Senate Finance ranking member Ron Wyden threatened to hold up Treasury Department nominees after receiving an “unresponsive and wholly unacceptable” response to questions he posed about the department’s refusal to release President Donald Trump’s tax returns.
“If the Treasury Department refuses to answer our questions, I am prepared to again place a hold on department nominees as I did previously when routine requests for information went unanswered,” the Oregon Democrat said in a statement Thursday.
Five Treasury Department nominees currently await Senate confirmation: Treasury General Counsel Brent McIntosh as undersecretary for international affairs, Michael Faulkender as an assistant secretary, Brian McGuire and Geoffrey William Seiji Okamoto as deputy undersecretaries, and Brian Callanan as general counsel.
Streamlining of the confirmation process, along with changing the rules to require a simple majority vote to confirm nominees, has lessened the impact of a senatorial hold.
Wyden, though, has additional options, and he has already made it clear that McIntosh will face detailed questioning during his confirmation hearing, regarding his role as Treasury general counsel in Secretary Steven Mnuchin’s May 6 decision to not hand over Trump’s tax returns.
Two weeks ago, Wyden wrote a letter asking for details behind Mnuchin’s decision to not supply six years of the president’s personal tax returns and six years of tax returns from eight Trump businesses.
House Ways and Means Chairman Richard E. Neal had requested the returns April 3, citing Section 6103 of the tax code, which states that upon “written request” from the chairman of either the House Ways and Means or Senate Finance committees, “the [Treasury] Secretary shall furnish such committee with any return or return information specified.”
Mnuchin turned down the written request, arguing that Neal’s request lacked a “legitimate legislative purpose.” The Massachusetts Democrat followed that with a subpoena and a May 16 deadline.
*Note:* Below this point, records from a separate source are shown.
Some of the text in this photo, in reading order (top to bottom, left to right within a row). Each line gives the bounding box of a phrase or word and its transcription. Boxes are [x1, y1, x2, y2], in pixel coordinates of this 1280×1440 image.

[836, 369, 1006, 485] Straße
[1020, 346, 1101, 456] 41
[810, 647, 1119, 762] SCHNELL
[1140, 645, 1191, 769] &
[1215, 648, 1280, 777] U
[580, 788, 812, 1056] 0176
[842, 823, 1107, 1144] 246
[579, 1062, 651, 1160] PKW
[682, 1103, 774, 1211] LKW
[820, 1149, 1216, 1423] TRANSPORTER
Mnuchin did not comply with the subpoena. Neal has indicated his next step will be to take the case to federal court.
In a May 14 letter, Wyden asked Mnuchin for a count of how many times congressional committees had requested tax returns from Treasury and the IRS since 2000, how many times the requests were filled, and whether an opinion on congressional authority to request tax returns had ever been sought from the Justice Department as Mnuchin did in this instance.
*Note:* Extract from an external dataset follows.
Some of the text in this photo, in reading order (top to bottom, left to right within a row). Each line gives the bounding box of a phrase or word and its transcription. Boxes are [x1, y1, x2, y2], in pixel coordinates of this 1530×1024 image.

It was a May 28 response to that letter from Treasury’s Office of Legislative Affairs that Wyden blasted for not being responsive to his questions.
In that letter, Justin W. Sok, a senior adviser to the Treasury’s Office of Legislative Affairs, wrote that Neal’s request could not be “meaningfully compared” to any previous requests under Section 6103, since it targeted a single taxpayer’s documents “for the purpose of releasing those returns to the public.”
In a statement last week, Wyden noted that McIntosh was “integral” to Mnuchin’s decision “to break the law and refuse to comply” with the request for Trump’s tax returns.
Wyden added that if “McIntosh wants a promotion, he needs to be prepared to thoroughly answer senators’ questions about his role.”